● **Your objective**
Extract the text of each entry below exactly, leaving every image behind.

● **Data section**
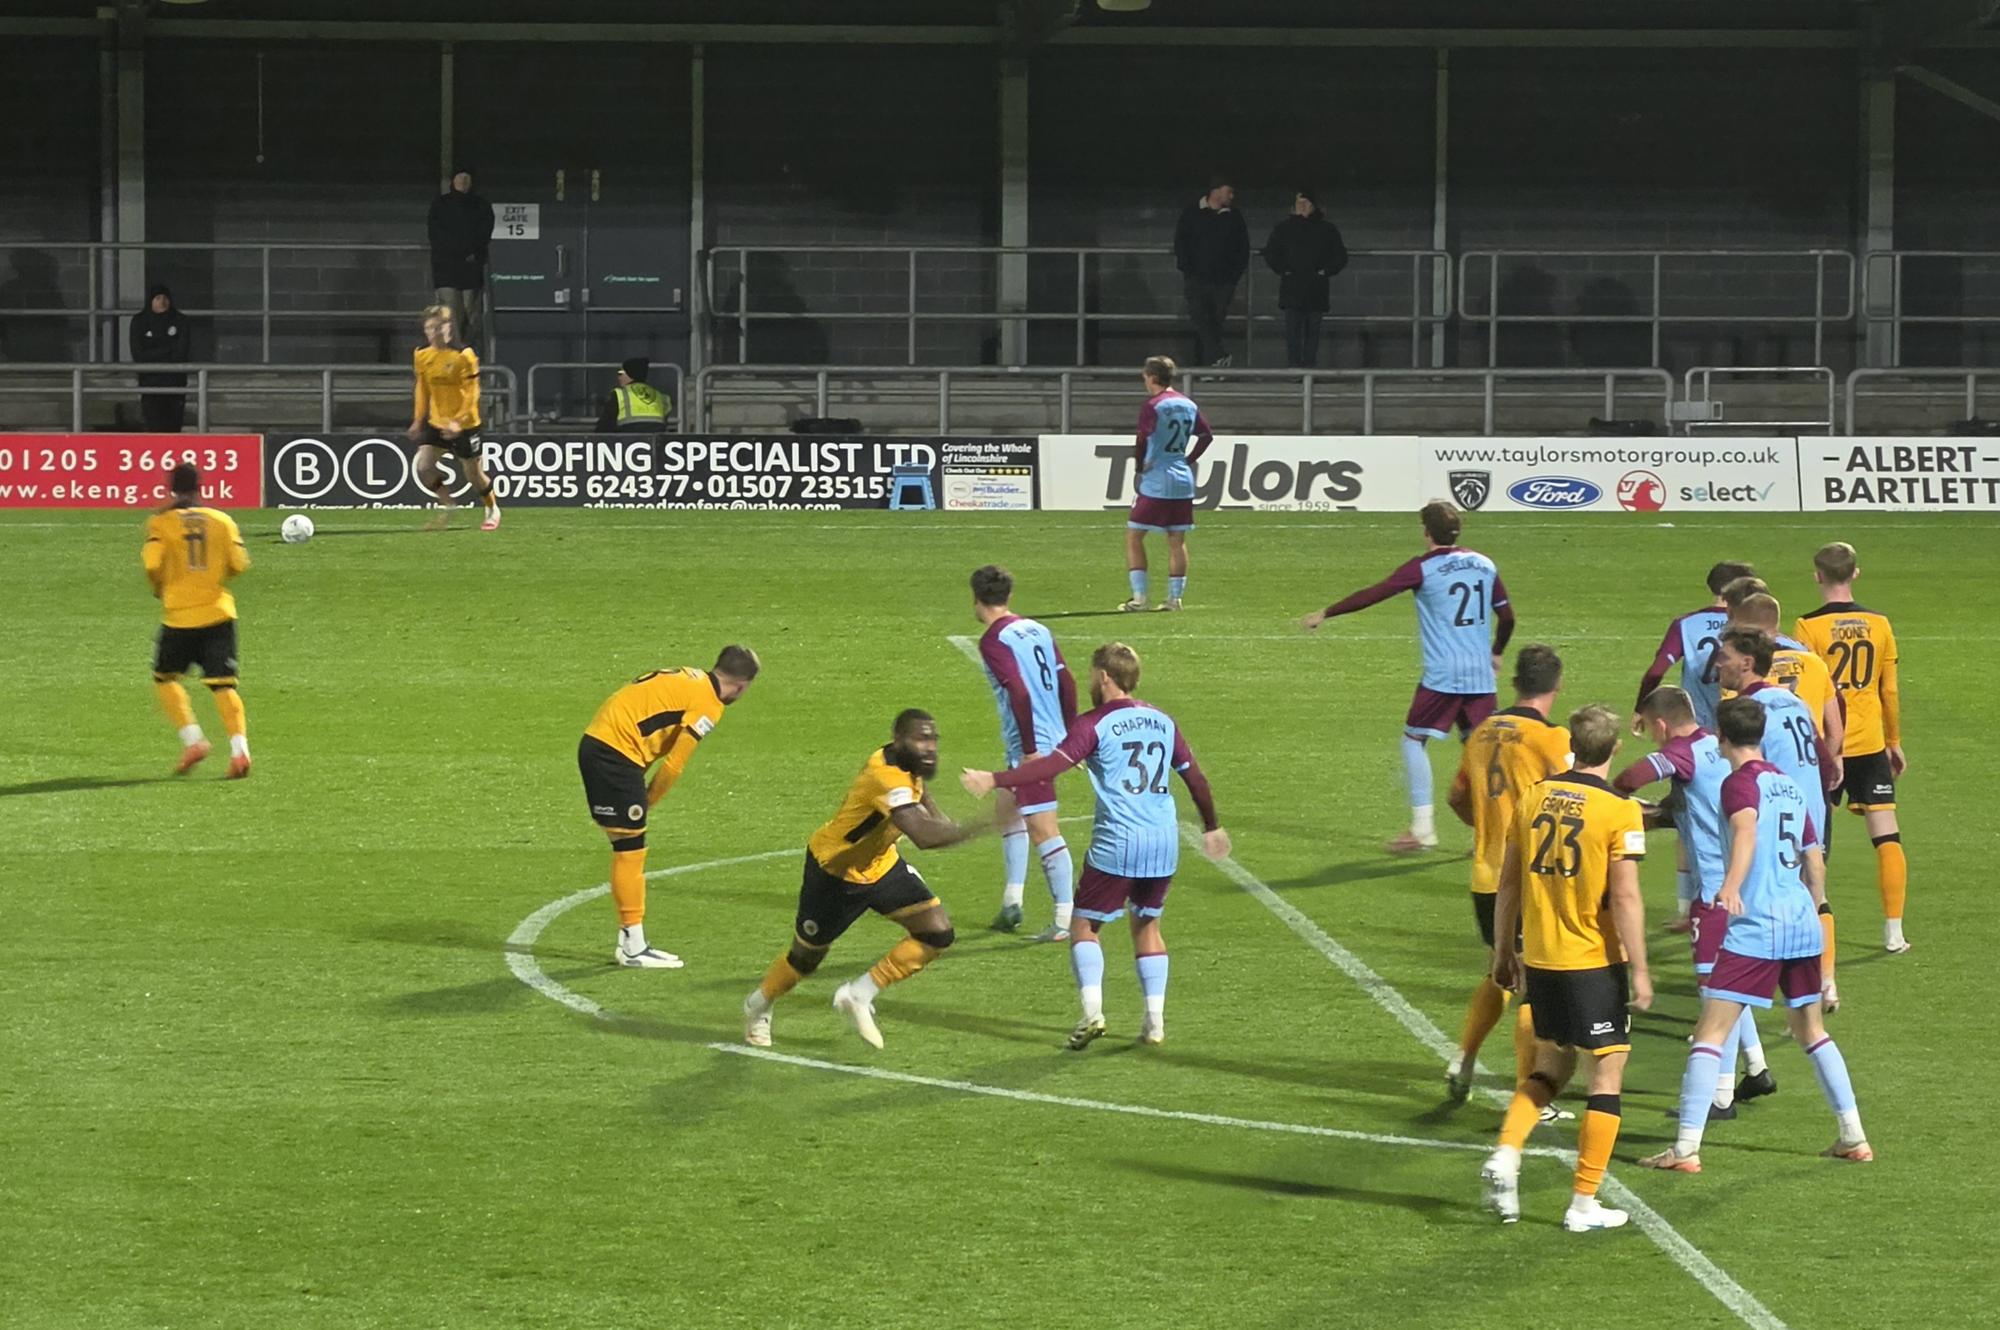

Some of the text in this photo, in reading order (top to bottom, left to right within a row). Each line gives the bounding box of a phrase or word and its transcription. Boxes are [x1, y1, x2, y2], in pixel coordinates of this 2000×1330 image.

[502, 214, 528, 222] GATE
[505, 206, 526, 214] EXIT
[507, 224, 524, 235] 15
[0, 449, 97, 471] 01205
[482, 441, 652, 472] ROOFING
[664, 441, 863, 473] SPECIALIST
[873, 443, 936, 473] LTD
[941, 443, 1032, 455] Covering the Whole
[941, 453, 1008, 464] of Lincolnshire
[1435, 446, 1780, 467] www.taylorsmotorgroup.co.uk
[1846, 446, 1977, 472] ALBERT
[295, 452, 320, 486] B
[366, 452, 386, 486] L
[1094, 443, 1364, 504] Tylors
[493, 475, 578, 498] 07555
[1523, 480, 1587, 504] Ford
[1680, 481, 1757, 501] select
[1824, 477, 2000, 504] BARTLETT
[1298, 501, 1330, 511] 1959
[1448, 579, 1485, 627] 21
[1830, 626, 1871, 640] ROONEY
[1033, 645, 1053, 691] 8
[1827, 639, 1874, 690] 20
[1112, 717, 1166, 736] CHAPMAN
[1783, 716, 1818, 767] 18
[1122, 741, 1167, 795] 32
[1542, 796, 1584, 817] GRIMES
[1530, 813, 1585, 878] 23
[1779, 812, 1801, 869] 5
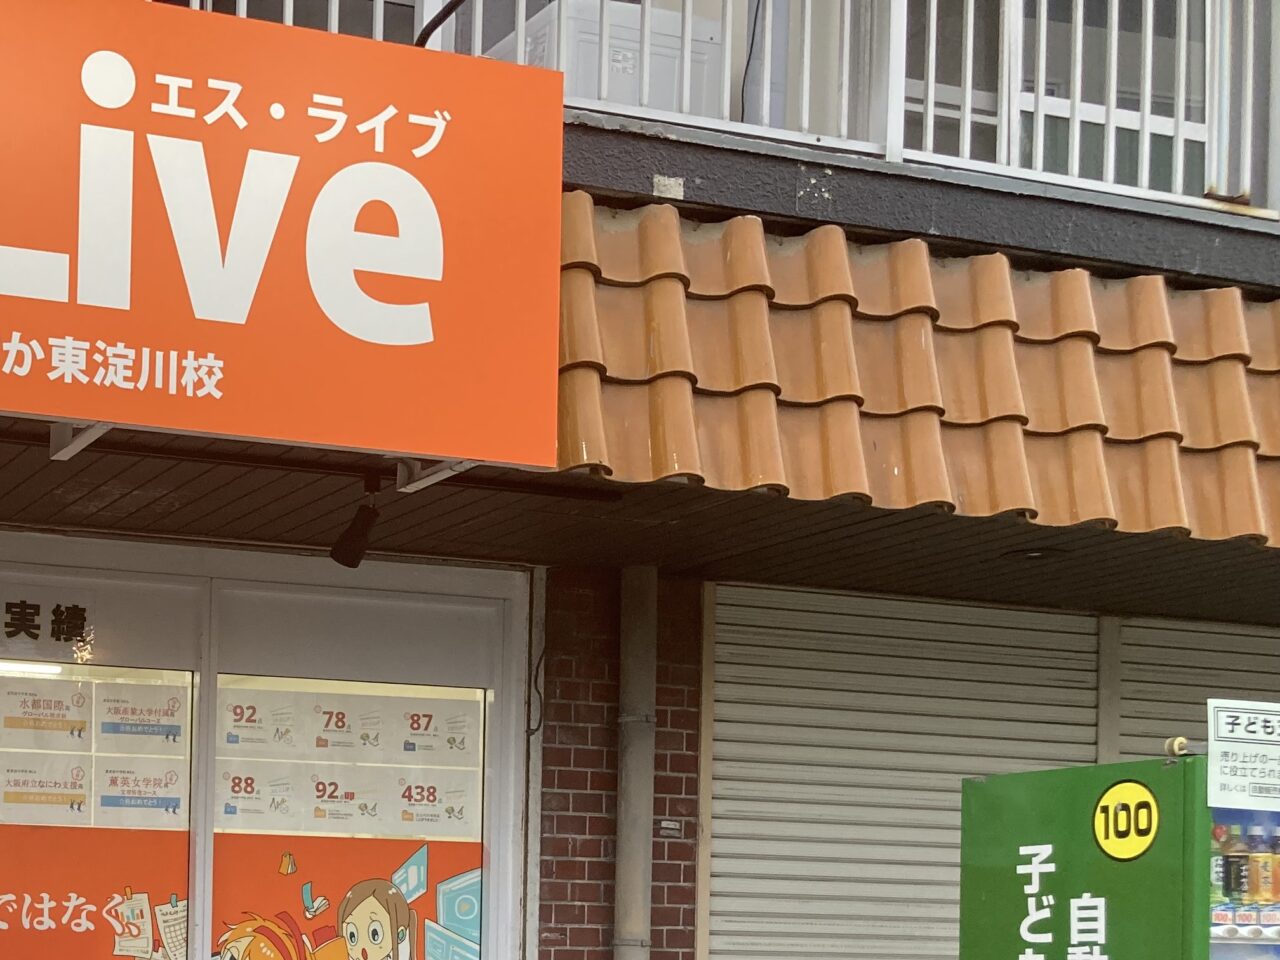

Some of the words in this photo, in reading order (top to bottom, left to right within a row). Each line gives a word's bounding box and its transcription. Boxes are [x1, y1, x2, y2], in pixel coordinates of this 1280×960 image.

[151, 74, 451, 158] エス・ライブ
[1225, 715, 1280, 736] 子ども
[1098, 799, 1153, 843] 100
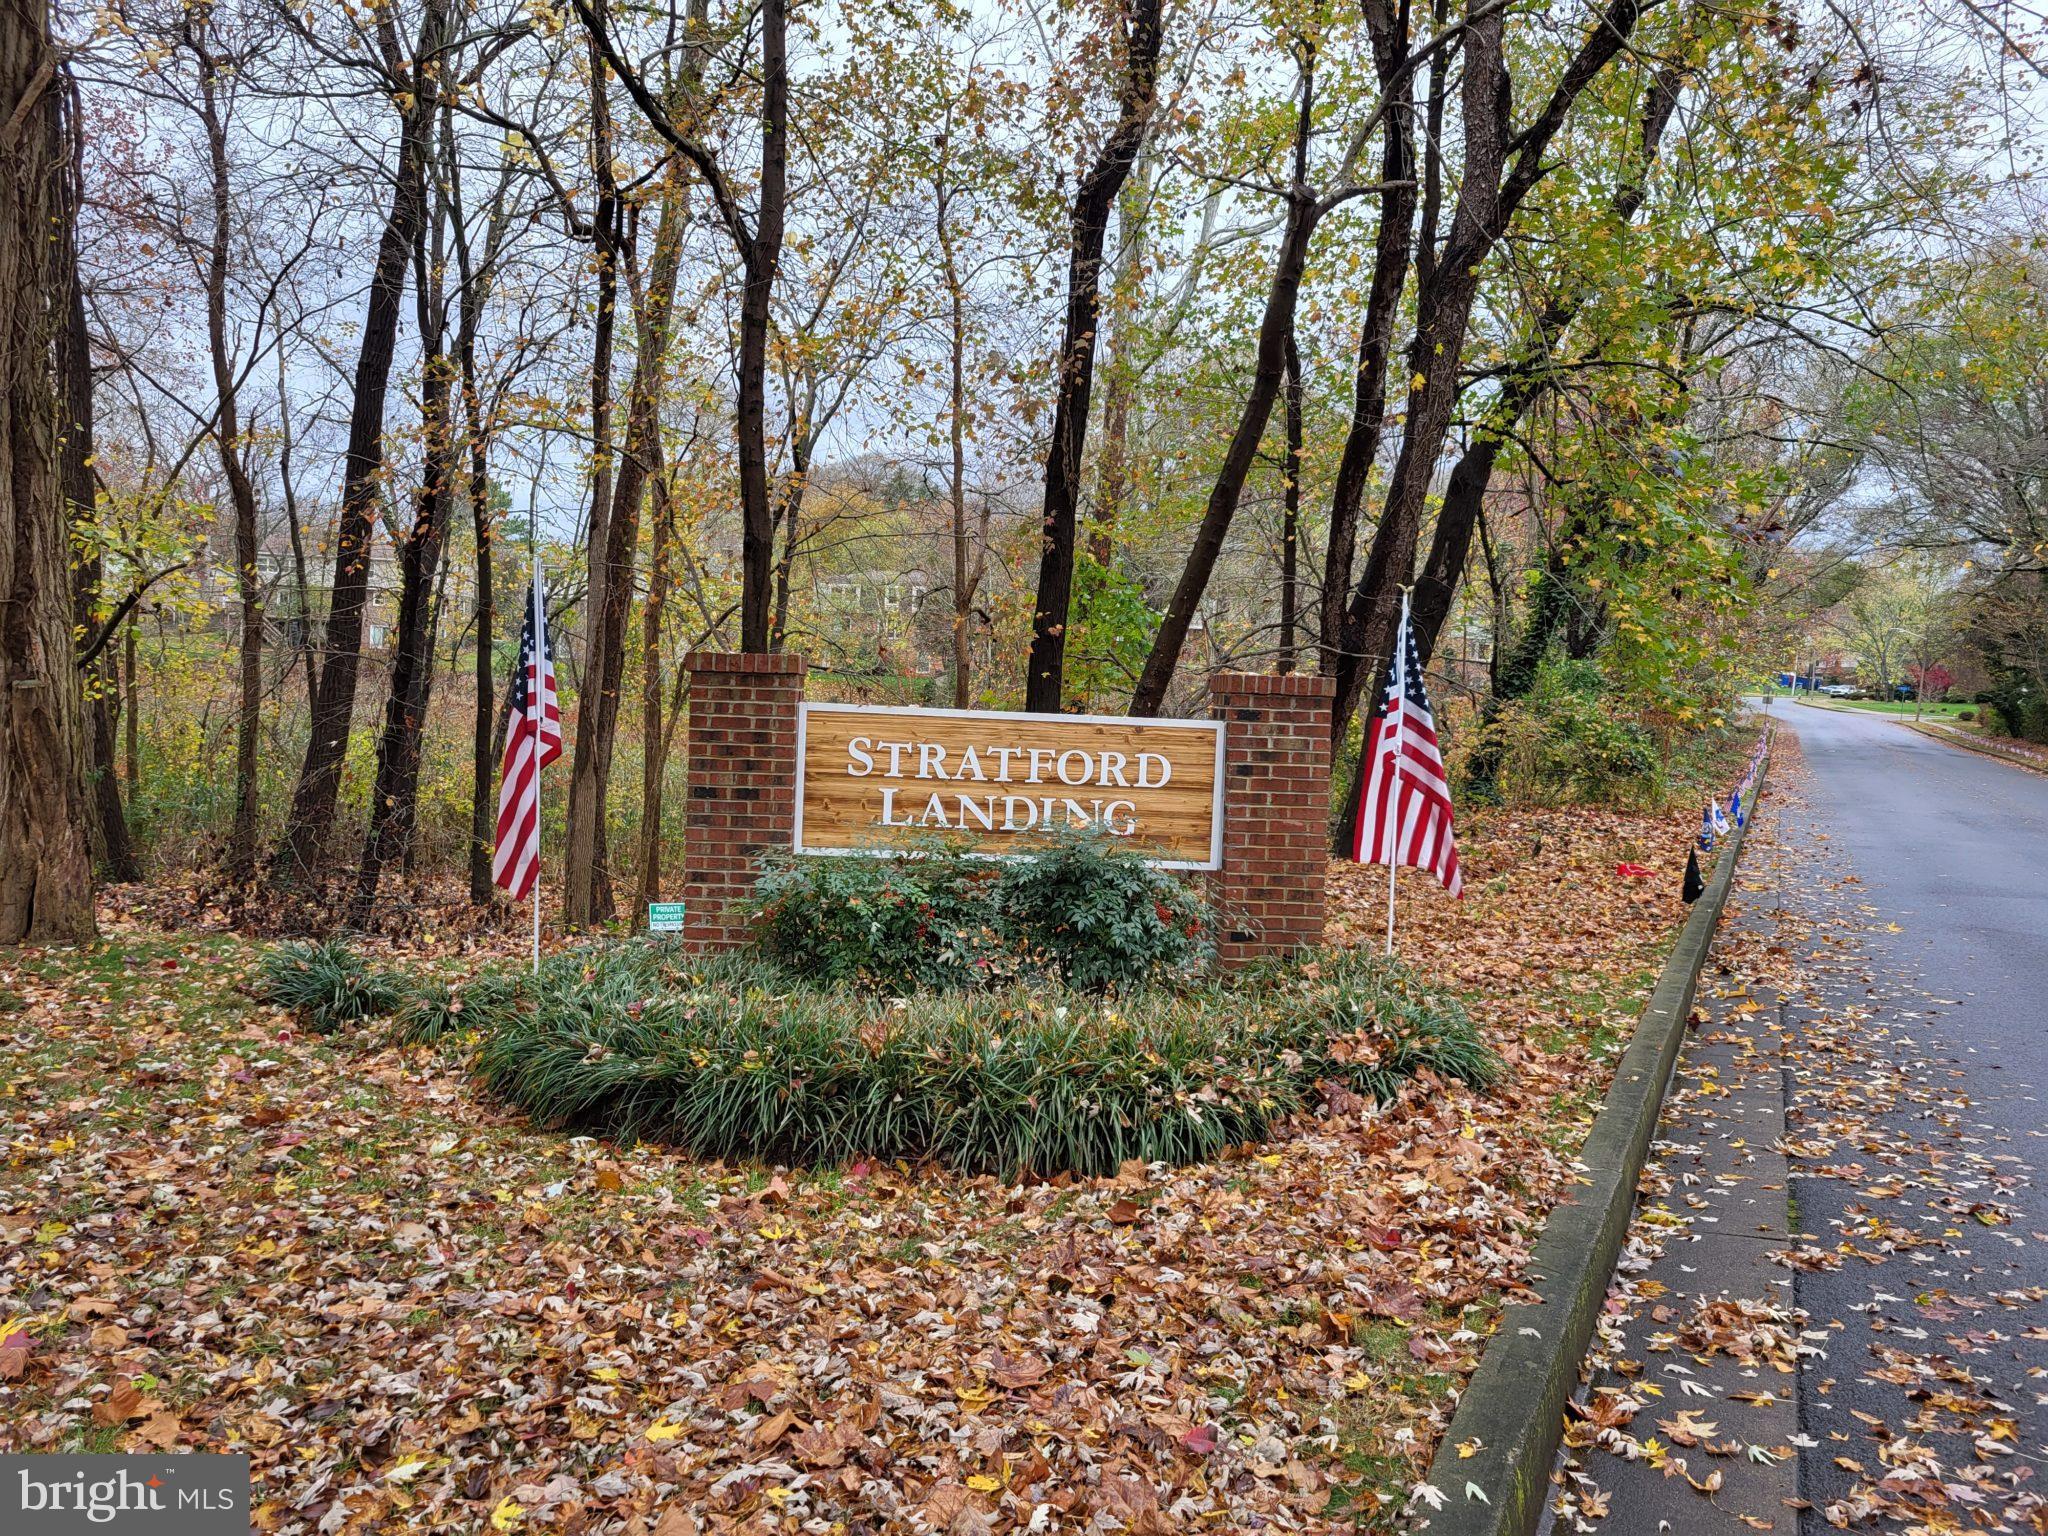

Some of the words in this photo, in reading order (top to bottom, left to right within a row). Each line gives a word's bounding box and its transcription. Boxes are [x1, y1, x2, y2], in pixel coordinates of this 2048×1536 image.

● **Output for this exercise**
Some of the text in this photo, in reading order (top to bottom, left to right within a row). Each line gives the bounding box of a phrase or word and its transcription. Boxes are [x1, y1, x2, y2], in pixel coordinates of this 2000×1330 image.

[502, 214, 528, 222] GATE
[505, 206, 526, 214] EXIT
[507, 224, 524, 235] 15
[0, 449, 97, 471] 01205
[482, 441, 652, 472] ROOFING
[664, 441, 863, 473] SPECIALIST
[873, 443, 936, 473] LTD
[941, 443, 1032, 455] Covering the Whole
[941, 453, 1008, 464] of Lincolnshire
[1435, 446, 1780, 467] www.taylorsmotorgroup.co.uk
[1846, 446, 1977, 472] ALBERT
[295, 452, 320, 486] B
[366, 452, 386, 486] L
[1094, 443, 1364, 504] Tylors
[493, 475, 578, 498] 07555
[1523, 480, 1587, 504] Ford
[1680, 481, 1757, 501] select
[1824, 477, 2000, 504] BARTLETT
[1298, 501, 1330, 511] 1959
[1448, 579, 1485, 627] 21
[1830, 626, 1871, 640] ROONEY
[1033, 645, 1053, 691] 8
[1827, 639, 1874, 690] 20
[1112, 717, 1166, 736] CHAPMAN
[1783, 716, 1818, 767] 18
[1122, 741, 1167, 795] 32
[1542, 796, 1584, 817] GRIMES
[1530, 813, 1585, 878] 23
[1779, 812, 1801, 869] 5

Some of the words in this photo, in reading order (top to bottom, left to right within a row). Each line gives a word's bounding box and its transcription. Boxes are [x1, y1, x2, y2], in pixel coordinates of this 1280×960 image.

[151, 74, 451, 158] エス・ライブ
[1225, 715, 1280, 736] 子ども
[1098, 799, 1153, 843] 100

Some of the words in this photo, in reading order (top to bottom, left to right within a row). Each line gives a word's bounding box and its transcription. Boxes are [x1, y1, x2, y2], in pixel coordinates of this 2048×1536 image.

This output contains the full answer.